En efecto, uno de los sociólogos más importantes de nuestros tiempos, Zygmunt Bauman ha acuñado la expresión “modernidad líquida” para definir el estado fluido y volátil de la actual sociedad, sin valores demasiado sólidos, en la que la incertidumbre por la vertiginosa rapidez de los cambios ha debilitado los vínculos humanos. Lo que antes eran nexos potentes ahora se han convertido en lazos provisionales y frágiles. Por eso, podemos sostener que la sociedad actual se basa en el individualismo y en una forma de vida cambiante y efímera en la que la los valores que nos mueven son algo temporal e inestable que carece de aspectos sólidos. Todo lo que tenemos es cambiante y con fecha de caducidad, en comparación con las estructuras fijas del pasado.
Frente a este estado líquido de nuestra sociedad (y de nuestro amor, de nuestra vida, de nuestros tiempos) vale la pena rescatar una forma de enfrentar la realidad que, sin esconderse tras máscaras que intentan decir que, en el fondo todo está bien, nos muestra la posibilidad de escribir un mundo con caracteres distintos, con los caracteres propios de la fe, la esperanza y el amor cristiano.
Así como en el seno del mundo clásico, que ya estaba desapareciendo y no daba más de sí, los Padres supieron mostrar la posibilidad de construir una realidad distinta, lo que después sería conocido como la Sociedad cristiana, y que tantas riquezas traería consigo.

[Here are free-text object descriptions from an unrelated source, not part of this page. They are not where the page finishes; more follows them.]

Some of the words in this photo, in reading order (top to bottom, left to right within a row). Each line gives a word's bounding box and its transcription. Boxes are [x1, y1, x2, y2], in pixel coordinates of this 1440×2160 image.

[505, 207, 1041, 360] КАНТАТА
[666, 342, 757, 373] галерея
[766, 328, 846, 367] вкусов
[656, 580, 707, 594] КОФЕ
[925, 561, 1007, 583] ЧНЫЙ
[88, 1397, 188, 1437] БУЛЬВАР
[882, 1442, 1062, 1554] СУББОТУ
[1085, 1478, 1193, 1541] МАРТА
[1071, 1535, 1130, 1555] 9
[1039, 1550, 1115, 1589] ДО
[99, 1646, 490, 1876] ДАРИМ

Y nuestro mundo, nuestra realidad, nuestros corazones, también están necesitados de ese mensaje de esperanza. T. S Eliot escribía lo siguiente: “Estéril y vacío. Estéril y vacío. Y la tiniebla estaba sobre la faz de lo profundo”. Esta noble y solemne desesperación se ha convertido hoy en simple crónica. En efecto, sobre los males del hombre contemporáneo se habla en libros, revistas, periódicos, cafés… en cualquiera reunión. Quizá ninguna expresión tenga tanta resonancia en nuestros días como el vocablo “crisis”: la vemos por todas partes, en la política, en la religión, en la sociedad, en el amor, etc.

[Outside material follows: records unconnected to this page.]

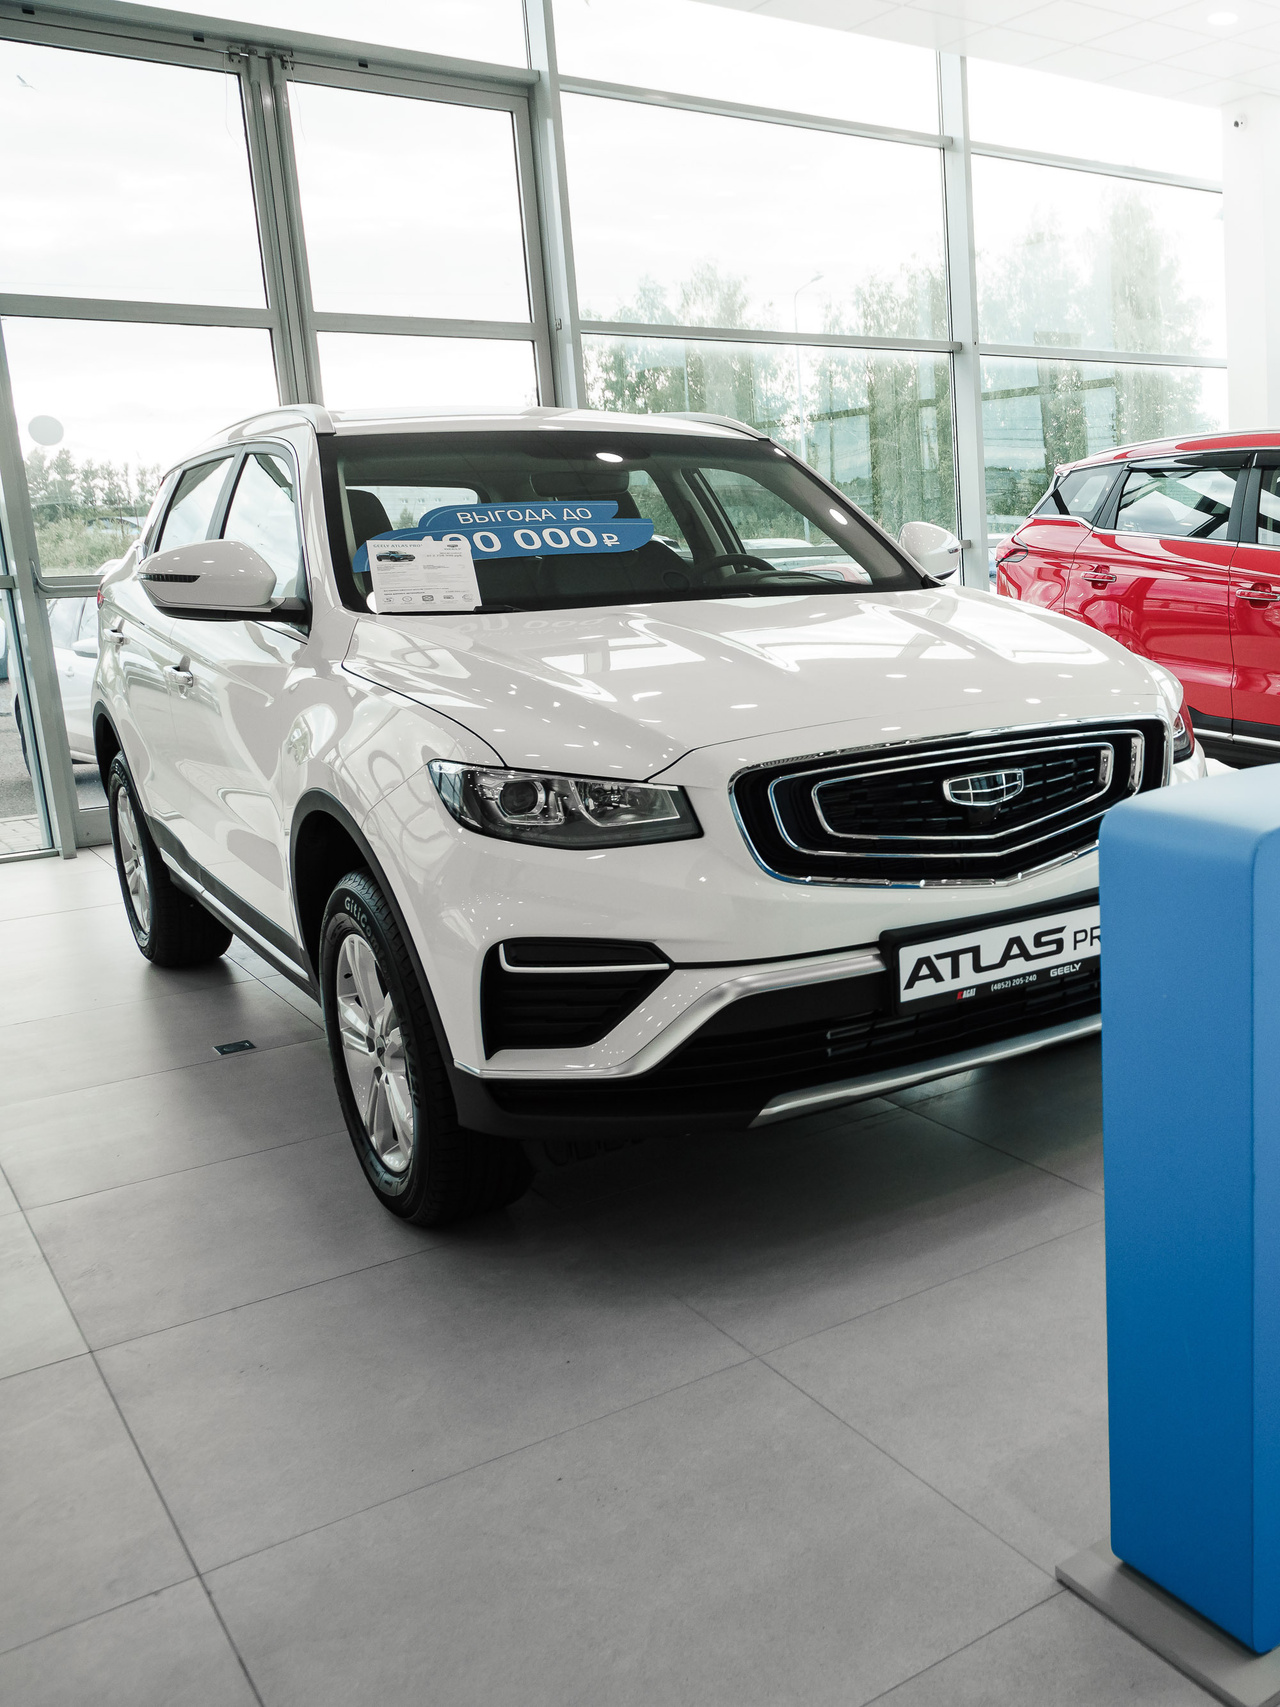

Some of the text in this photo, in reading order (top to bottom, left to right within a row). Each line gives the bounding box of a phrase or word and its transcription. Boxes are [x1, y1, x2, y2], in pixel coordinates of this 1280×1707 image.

[456, 507, 592, 524] ВЫГОДА ДО
[903, 925, 1067, 991] ATLAS
[990, 980, 1011, 992] (4852)
[1012, 974, 1037, 986] 205-240
[1050, 962, 1082, 977] GEELY

Pero nosotros, como cristianos, no solamente podemos contentarnos con levantar acta de defunción de un mundo que se tambalea: sabemos que hay algo que ha vencido al mundo y que mantiene en firme nuestro caminar, porque no todo está perdido.

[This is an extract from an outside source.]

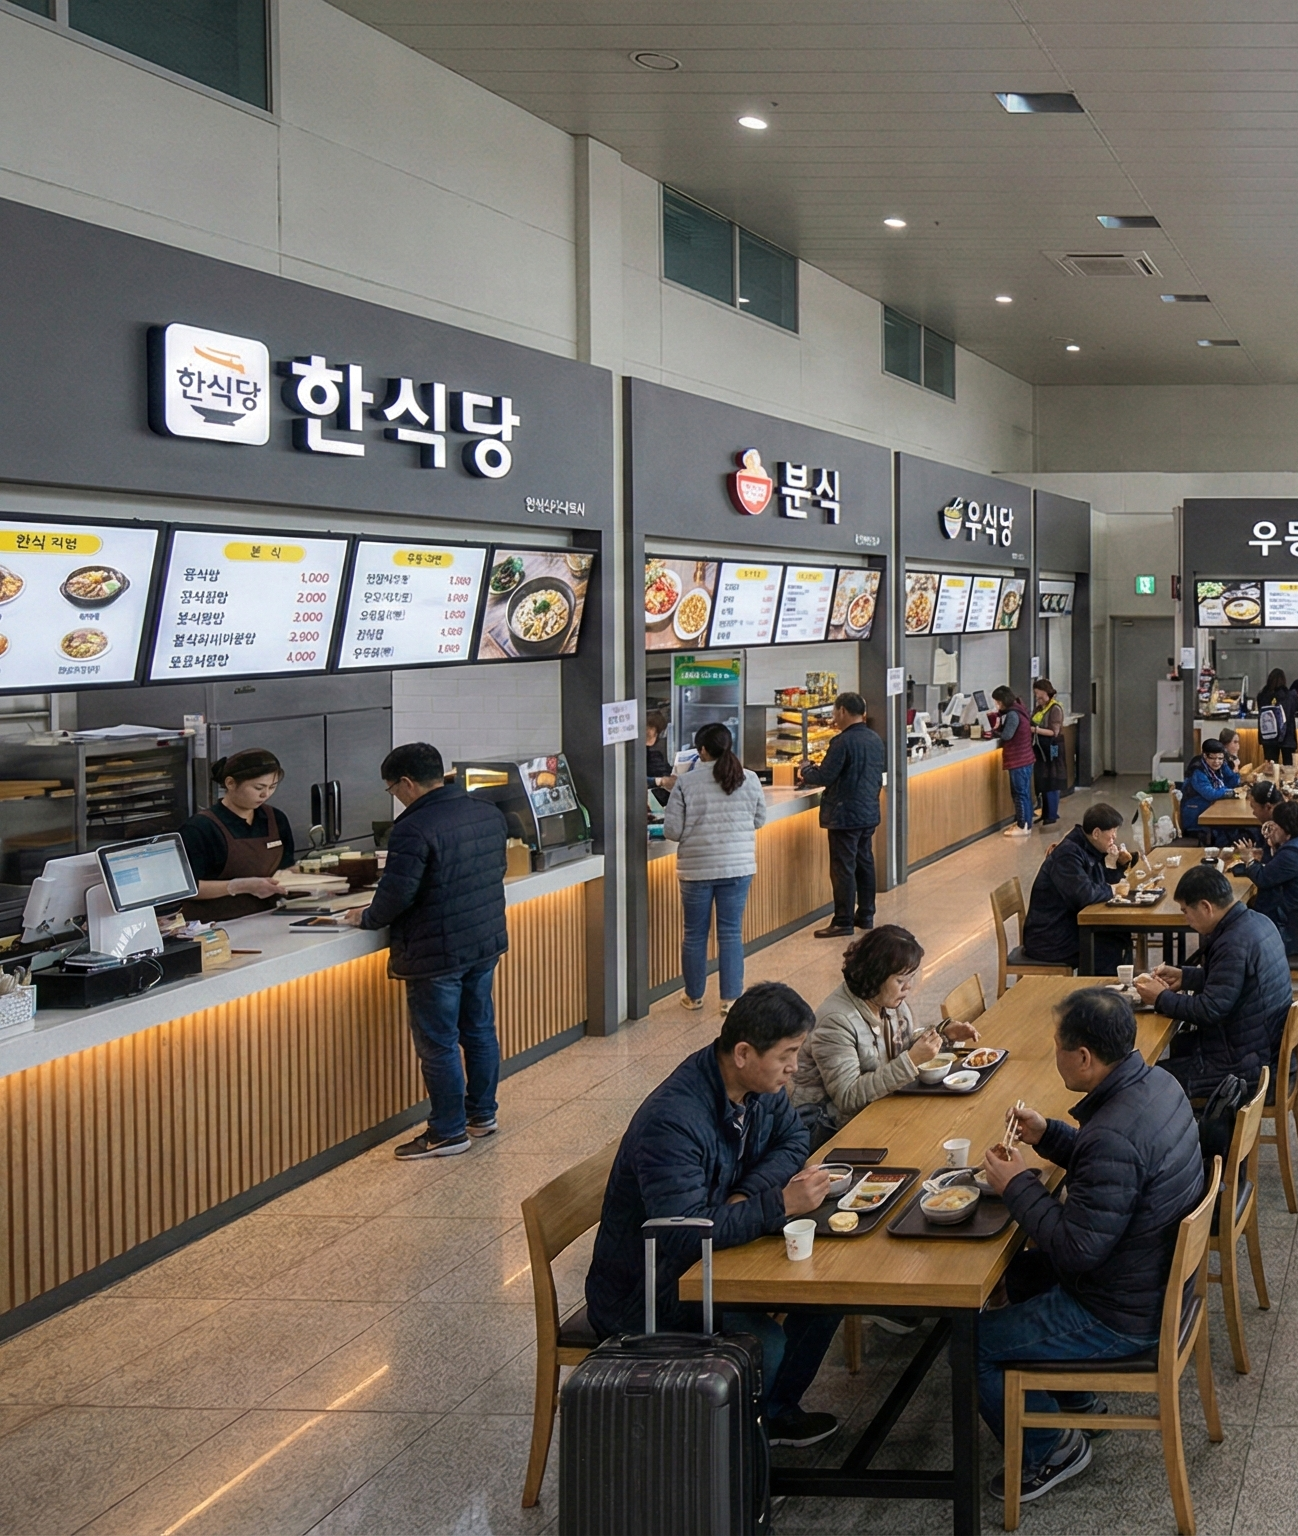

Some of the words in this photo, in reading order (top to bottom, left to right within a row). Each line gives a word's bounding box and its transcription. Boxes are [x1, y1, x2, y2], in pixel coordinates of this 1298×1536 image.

[176, 366, 262, 412] 한식당
[291, 354, 521, 479] 한식당
[781, 461, 840, 525] 분식
[965, 501, 1015, 547] 우식당

Esta es la riqueza que podemos encontrar en los Padres de la Iglesia: un llamado a la esperanza, a la ilusión, al convencimiento de que Jesús puede hacer nuevas todas las cosas y que, con su ayuda, nuestro trabajo por hacer de la sociedad algo verdaderamente habitable no caerá en la nada. Quizá nunca, como en nuestra época, sea necesario ese mensaje de aliento que ve en el Cristianismo el ancla para asegurarnos en nuestras luchas, el faro que guía nuestros pasos hacia algo, aún no conseguido, pero que nos espera al final del camino.
Alejandro García Durán.
Filósofo y Teólogo, docente del programa de Teología en UNICERVANTES.